Dear Ms. Moak:
This is in response to your request for an advisory
opinion under Title I of the Employee Retirement Income Security Act of
1974 (ERISA). Specifically, you request guidance as to the permissibility
of (1) amending the Trust for WSWA Sponsored Welfare Plans (Trust or Plan)
to permit its remaining assets to be transferred to an organization exempt
from tax under section 501(c)(3) of the Internal Revenue Code of 1986
(Code), as amended, and (2) subsequent to the termination of the Plan,
transferring such assets to such an organization that is not a party in
interest under section 3(14) of ERISA.
You represent that the Wine and Spirits Wholesalers of
America, Inc. (WSWA) originally established the Trust on May 19, 1975.
WSWA is the sponsor of the Trust, a multiple employer welfare arrangement
that provides health, hospital, disability, and death benefits to
employees of various employers in the wine and spirits wholesale industry.
The Insurance Committee is the named fiduciary of the Trust.
The Plan combined two existing plans, one that provided
life, medical, and hospital income (Health Plan),(1)
and a second that provided accidental death and dismemberment insurance
(AD&D Plan),(2) into one
document.

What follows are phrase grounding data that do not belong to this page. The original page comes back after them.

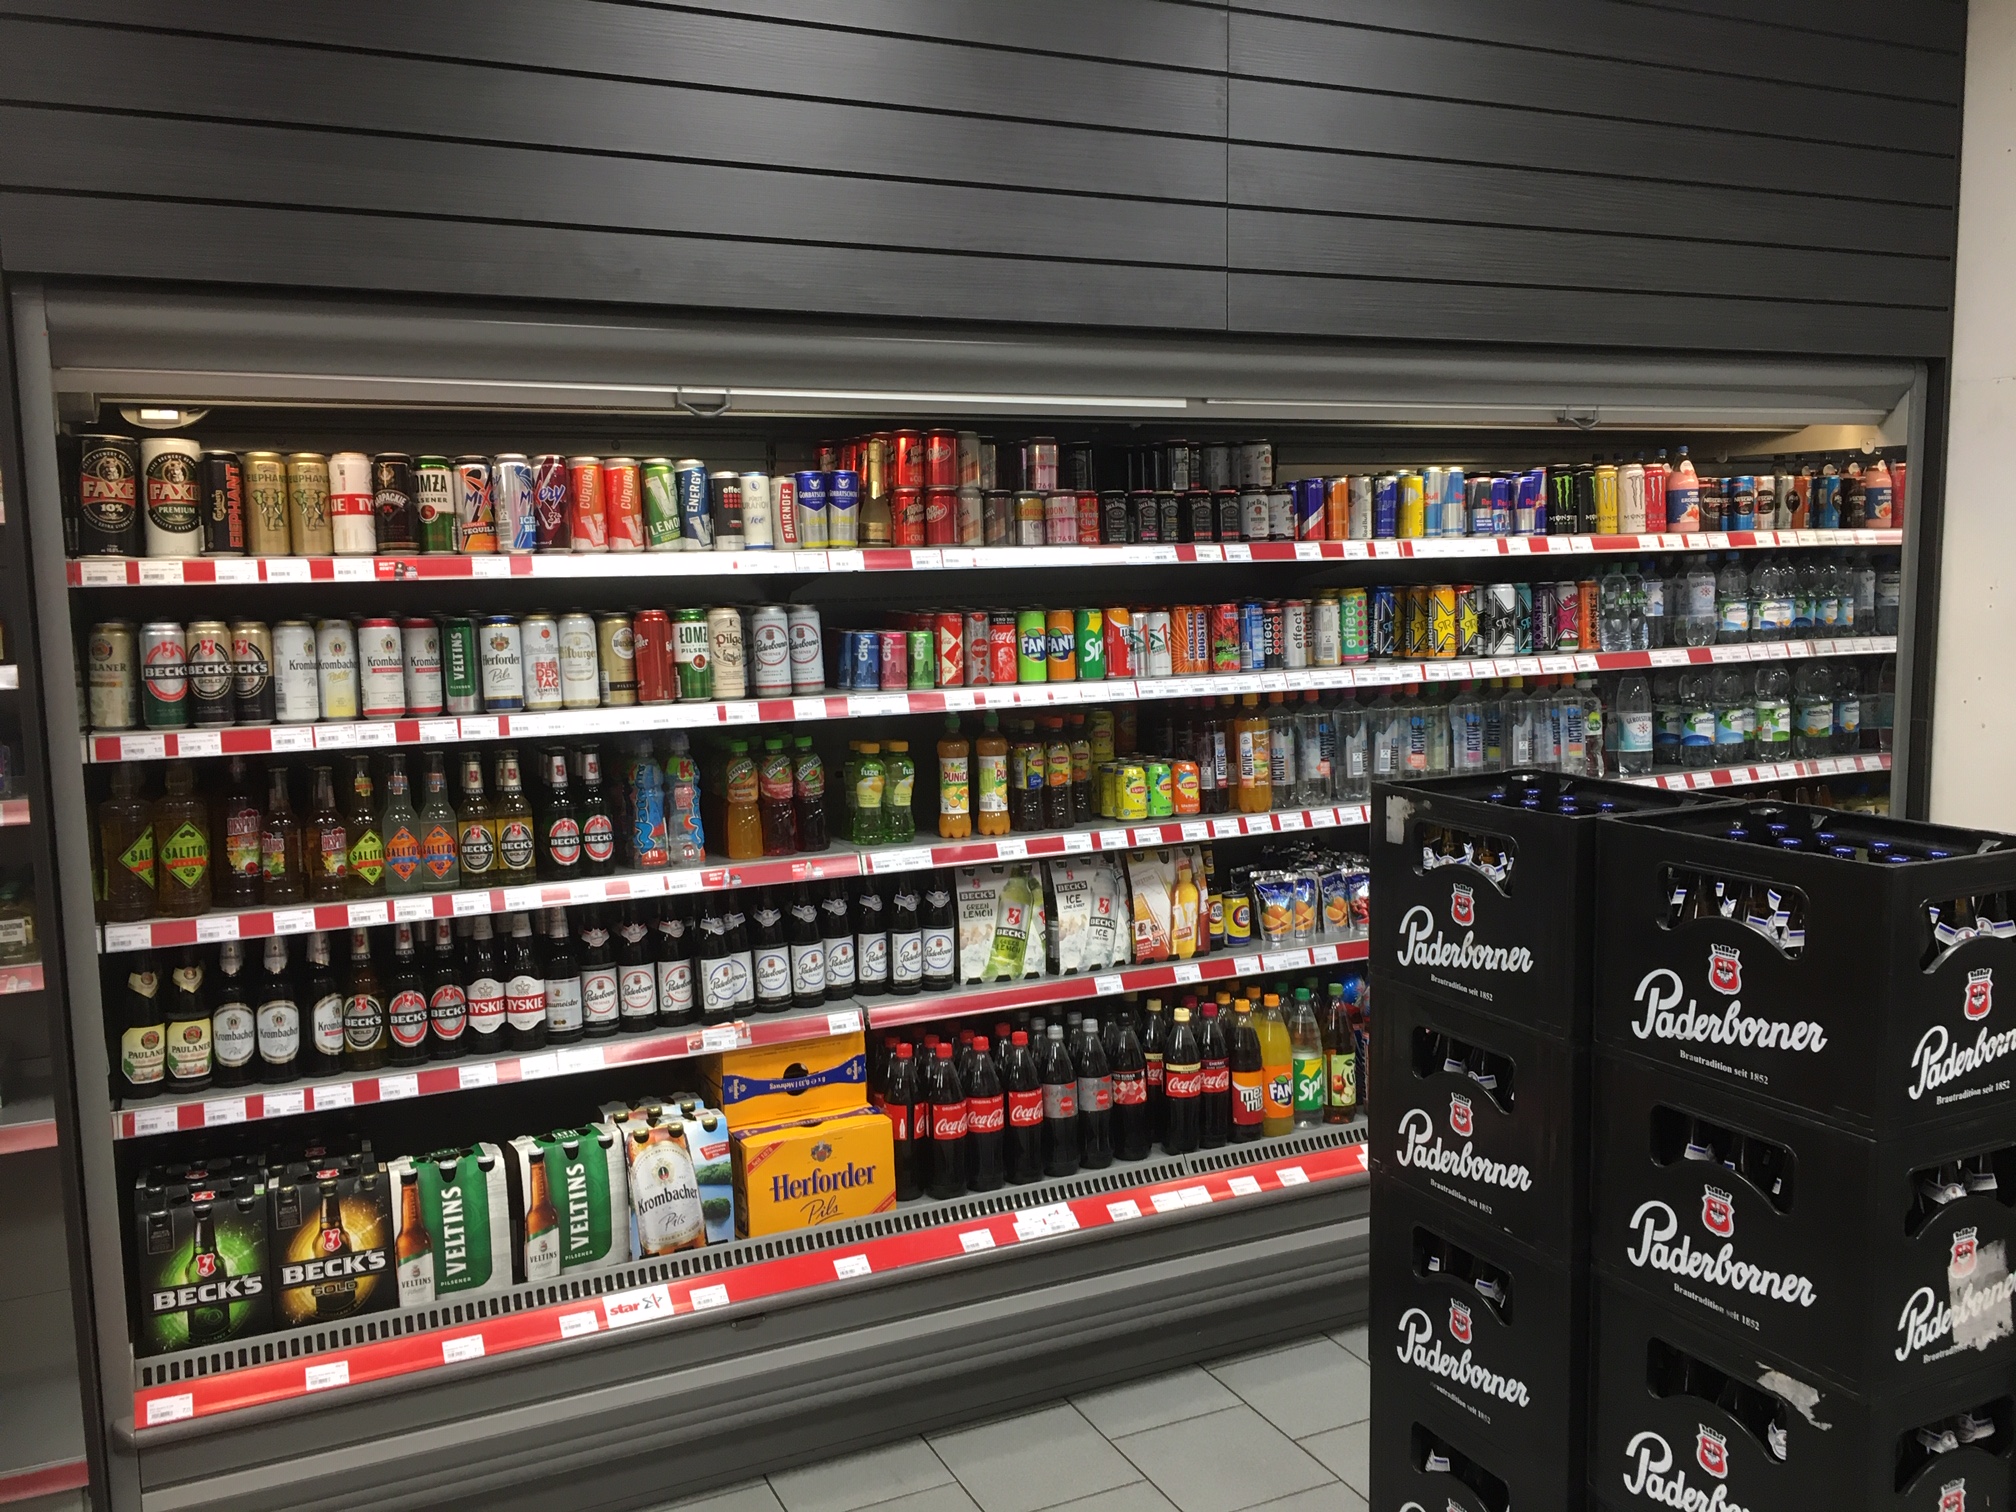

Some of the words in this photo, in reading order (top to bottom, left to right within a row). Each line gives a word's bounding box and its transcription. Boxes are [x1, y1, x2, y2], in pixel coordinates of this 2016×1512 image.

[82, 481, 135, 498] FAXE
[579, 469, 595, 510] CURUBA
[620, 469, 635, 510] CURUBA
[686, 469, 702, 513] ENERGY
[100, 503, 124, 513] 10%
[158, 506, 196, 514] PREMIUM
[225, 463, 244, 548] ELEPHANT
[785, 487, 796, 540] SMIRNOFF
[1292, 611, 1303, 649] effect
[1343, 595, 1357, 648] effect
[1197, 612, 1206, 660] BOOSTER
[1264, 617, 1273, 656] effect
[453, 631, 463, 681] VELTINS
[187, 662, 232, 675] BECK'S
[489, 668, 514, 682] Pils
[536, 669, 559, 679] DEN
[536, 678, 559, 688] TAG
[1411, 726, 1425, 755] ACTIVE
[1466, 721, 1480, 752] ACTIVE
[1568, 715, 1582, 743] ACTIVE
[1242, 755, 1253, 780] ACTIVE
[462, 843, 494, 854] BECK'S
[501, 840, 533, 851] BECK'S
[550, 836, 580, 846] BECK'S
[584, 833, 613, 843] BECK'S
[961, 890, 995, 900] BECK'S
[1057, 881, 1087, 892] BECK'S
[1066, 894, 1081, 904] ICE
[963, 909, 993, 919] LEMON
[1090, 919, 1115, 928] BECK'S
[996, 929, 1026, 940] BECK'S
[1095, 928, 1108, 938] ICE
[1397, 905, 1534, 974] Paderborner
[1430, 973, 1468, 994] Brautradition
[1468, 986, 1480, 997] seit
[1479, 990, 1494, 1002] 1852
[431, 1004, 467, 1018] BECK'S
[469, 1000, 504, 1013] TYSKIE
[507, 997, 544, 1010] TYSKIE
[1631, 968, 1829, 1054] Paderborner
[345, 1014, 382, 1027] BECK'S
[391, 1011, 428, 1025] BECK'S
[1679, 1048, 1733, 1075] Brautradition
[1733, 1065, 1749, 1078] seit
[1749, 1070, 1770, 1086] 1852
[1936, 1087, 1982, 1106] Brautradition
[1982, 1082, 1995, 1096] seit
[1995, 1079, 2011, 1093] 1852
[1396, 1108, 1533, 1193] Paderborner
[769, 1162, 876, 1204] Herforder
[566, 1162, 591, 1251] VELTINS
[637, 1184, 698, 1217] Krombacher
[1429, 1178, 1468, 1203] Brautradition
[1468, 1194, 1480, 1208] seit
[1479, 1202, 1494, 1215] 1852
[658, 1213, 686, 1232] Pils
[800, 1196, 844, 1226] Pils
[441, 1185, 466, 1277] VELTINS
[529, 1250, 558, 1264] VELTINS
[565, 1250, 593, 1261] PILSENER
[1626, 1200, 1818, 1308] Paderborner
[282, 1250, 387, 1287] BECK'S
[153, 1275, 263, 1312] BECK'S
[310, 1280, 358, 1297] GOLD
[401, 1275, 432, 1290] VELTINS
[440, 1276, 472, 1288] PILSENER
[610, 1300, 641, 1316] star
[1673, 1282, 1725, 1317] Brautradition
[1725, 1308, 1741, 1323] seit
[1741, 1313, 1761, 1332] 1852
[1396, 1306, 1531, 1408] Paderborner
[1467, 1403, 1479, 1418] seit
[1478, 1410, 1492, 1425] 1852

The two plans remained distinct, however, and their assets were
held in separate accounts. Over the years, the insurance offered through
the Plan also included dental, vision, and long-term disability insurance.

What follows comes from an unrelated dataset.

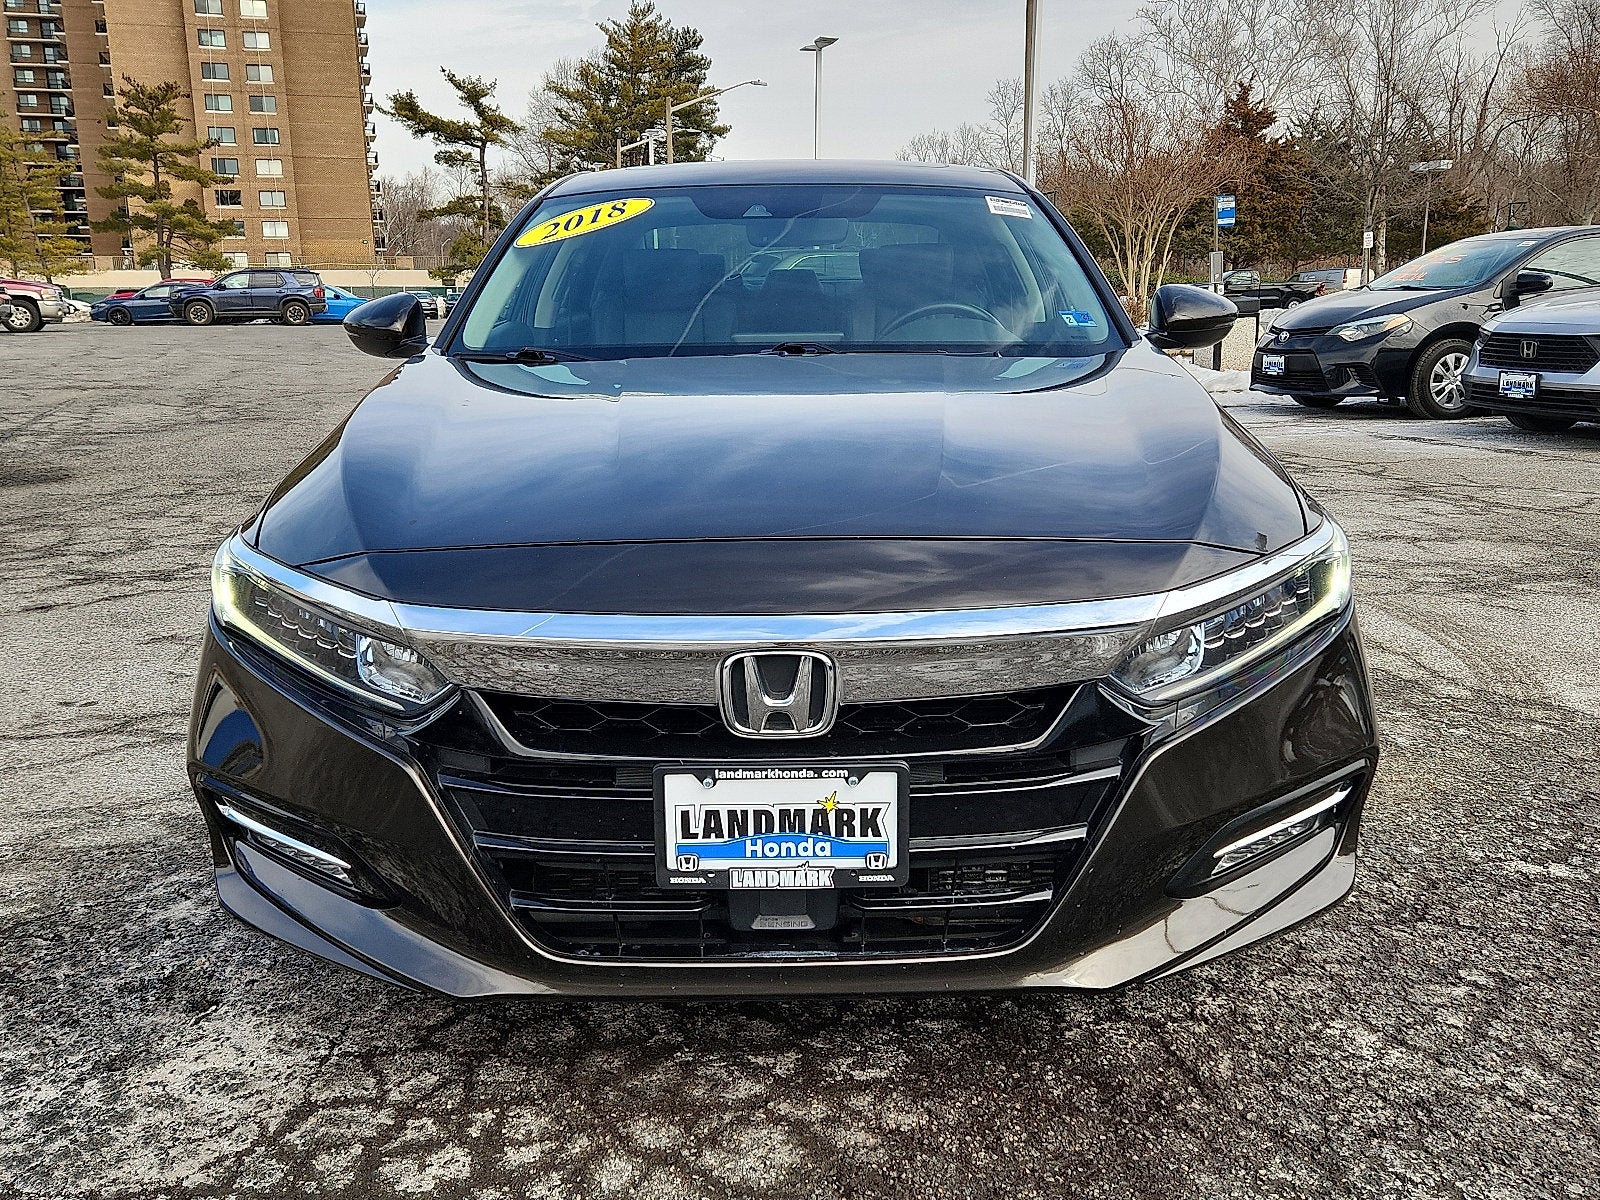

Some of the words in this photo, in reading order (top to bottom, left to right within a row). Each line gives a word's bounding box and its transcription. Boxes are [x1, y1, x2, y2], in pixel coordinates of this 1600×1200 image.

[541, 202, 627, 240] 2018
[680, 808, 882, 839] LANDMARK
[745, 838, 832, 857] Honda
[731, 868, 832, 888] LANDMARK

You represent that participants were categorized into
classes, each of which was permitted to choose from insurance offered
under the Plan. Each participant paid a premium based on his or her class,
the types of insurance policies enrolled in, the amount of insurance
coverage, and the number of people insured. Administrative fees were also
charged and generally were based on the types of insurance policies
enrolled in, the amount of insurance coverage sought, and the number of
participants in a particular plan. Premiums and administrative fees were
primarily paid for by the participating employers. Levels of employee
contributions were determined by each employer.
You also represent that since the time the Health Plan
was established, participants have included thousands of employees from as
many as hundreds of different WSWA-member and affiliated companies. By
2004, however, there were approximately 38 participating employers and
1,064 participants. You represent that, effective May 1, 2004, the
insurance provider for the Health Plan cancelled the insurance policy
because it was not economical to continue the coverage and that the
AD&D Plan was terminated because the expense of maintaining the Plan
would have been disproportional to the premiums and coverage provided.

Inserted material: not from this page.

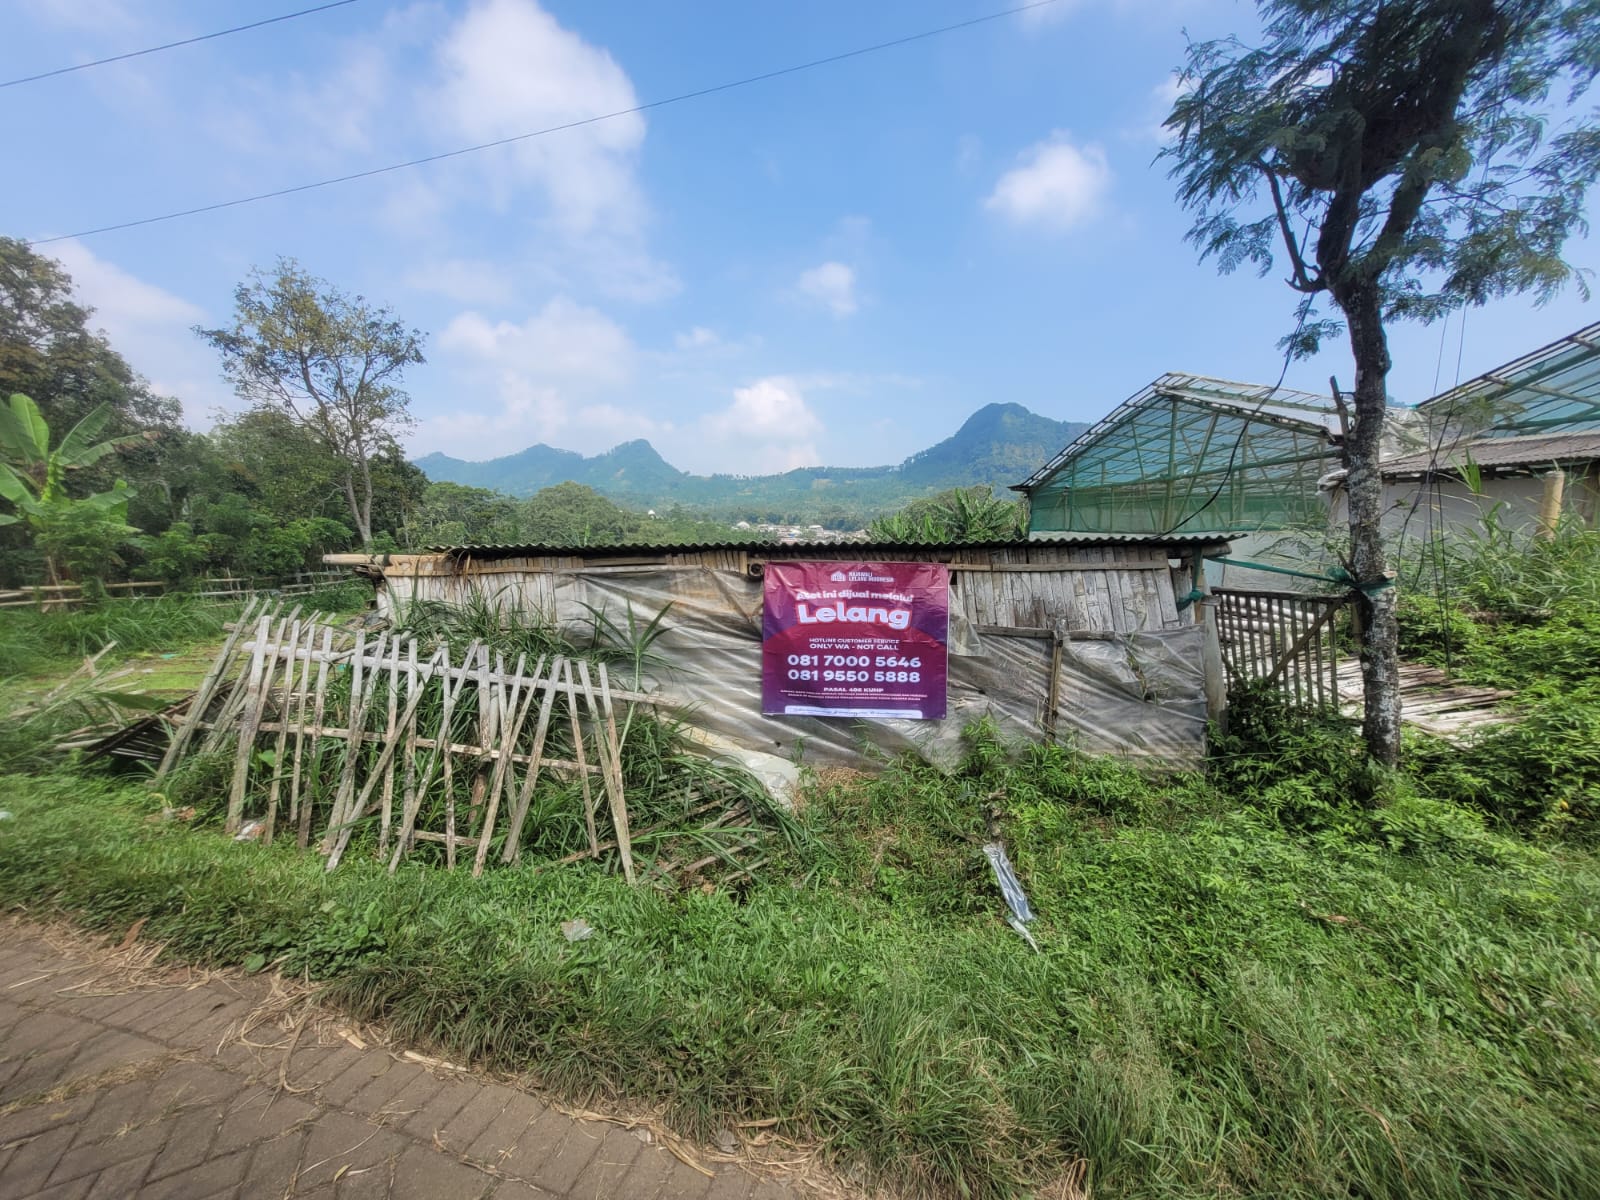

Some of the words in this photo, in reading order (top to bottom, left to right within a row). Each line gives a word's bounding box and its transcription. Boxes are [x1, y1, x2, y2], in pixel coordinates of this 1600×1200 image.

Thus, you represent that all insurance contracts under the Plan were
terminated and that all liabilities of the Plan have been satisfied. You
further represent that additional insurance contracts have not been
entered into and that no former participants or beneficiaries in the Plan
have a claim or right to a future benefit from either of the plans.
As of September 1, 2006, approximately $380,000
remained in the Trust, subject to ongoing interest earnings, ordinary
expenses, and the expense of requesting this advisory opinion and a
companion letter ruling from the Internal Revenue Service (IRS). You
represent that, of this amount, approximately $280,000 was in an account
of the Health Plan and was derived from an accumulation of administrative
fees and compound interest earned on those fees, as well as dividends from
experience-rated policies. In some years, policy ratings resulted in a
partial refund of premiums, which was placed in reserves to offset losses
incurred in other years. In late 2005, the insurance provider for the
Health Plan completed its final accounting and sent the Trust a check in
the amount of $25,044, the total amount remaining in the reserves after
payment of all outstanding claims. The approximately $100,000 in the
account of the AD&D Plan was derived from an accumulation of
administrative fees and the compound interest earned on those fees.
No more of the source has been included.